> EXERCISE REQUIREMENTS
Beginning with the line where "this 1600×1204 image." appears, please restate each line of the records below word for word until the last one, inclusive, and nothing else.

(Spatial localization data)
________________________________________

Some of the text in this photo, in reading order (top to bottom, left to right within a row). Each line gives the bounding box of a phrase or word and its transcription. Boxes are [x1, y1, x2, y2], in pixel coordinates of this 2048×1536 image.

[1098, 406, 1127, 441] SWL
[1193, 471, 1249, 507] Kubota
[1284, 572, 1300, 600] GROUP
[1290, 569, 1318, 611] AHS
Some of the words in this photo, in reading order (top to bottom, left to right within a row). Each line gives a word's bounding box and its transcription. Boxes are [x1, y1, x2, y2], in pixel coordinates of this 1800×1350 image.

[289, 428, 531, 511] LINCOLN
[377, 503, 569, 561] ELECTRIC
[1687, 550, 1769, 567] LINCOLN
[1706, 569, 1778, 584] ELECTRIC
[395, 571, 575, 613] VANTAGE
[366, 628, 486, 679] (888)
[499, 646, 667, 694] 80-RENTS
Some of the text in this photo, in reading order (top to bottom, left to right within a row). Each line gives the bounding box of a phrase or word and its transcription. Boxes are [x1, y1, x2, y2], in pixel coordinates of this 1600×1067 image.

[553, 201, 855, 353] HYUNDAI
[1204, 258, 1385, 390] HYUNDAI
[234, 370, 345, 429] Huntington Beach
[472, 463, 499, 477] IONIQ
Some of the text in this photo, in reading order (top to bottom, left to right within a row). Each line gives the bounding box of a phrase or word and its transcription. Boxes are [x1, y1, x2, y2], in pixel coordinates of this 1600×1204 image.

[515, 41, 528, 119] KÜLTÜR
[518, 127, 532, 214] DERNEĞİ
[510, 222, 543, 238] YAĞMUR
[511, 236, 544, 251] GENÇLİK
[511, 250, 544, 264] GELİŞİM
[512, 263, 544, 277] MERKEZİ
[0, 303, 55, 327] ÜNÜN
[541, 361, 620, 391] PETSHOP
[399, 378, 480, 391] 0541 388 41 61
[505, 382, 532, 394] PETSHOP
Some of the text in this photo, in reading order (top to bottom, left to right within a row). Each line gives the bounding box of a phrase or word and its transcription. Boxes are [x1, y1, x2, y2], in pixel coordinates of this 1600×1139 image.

________________________________________

> RESULT FOR THIS EXERCISE
Some of the text in this photo, in reading order (top to bottom, left to right within a row). Each line gives the bounding box of a phrase or word and its transcription. Boxes are [x1, y1, x2, y2], in pixel coordinates of this 1600×1204 image.

[515, 41, 528, 119] KÜLTÜR
[518, 127, 532, 214] DERNEĞİ
[510, 222, 543, 238] YAĞMUR
[511, 236, 544, 251] GENÇLİK
[511, 250, 544, 264] GELİŞİM
[512, 263, 544, 277] MERKEZİ
[0, 303, 55, 327] ÜNÜN
[541, 361, 620, 391] PETSHOP
[399, 378, 480, 391] 0541 388 41 61
[505, 382, 532, 394] PETSHOP
Some of the text in this photo, in reading order (top to bottom, left to right within a row). Each line gives the bounding box of a phrase or word and its transcription. Boxes are [x1, y1, x2, y2], in pixel coordinates of this 1600×1139 image.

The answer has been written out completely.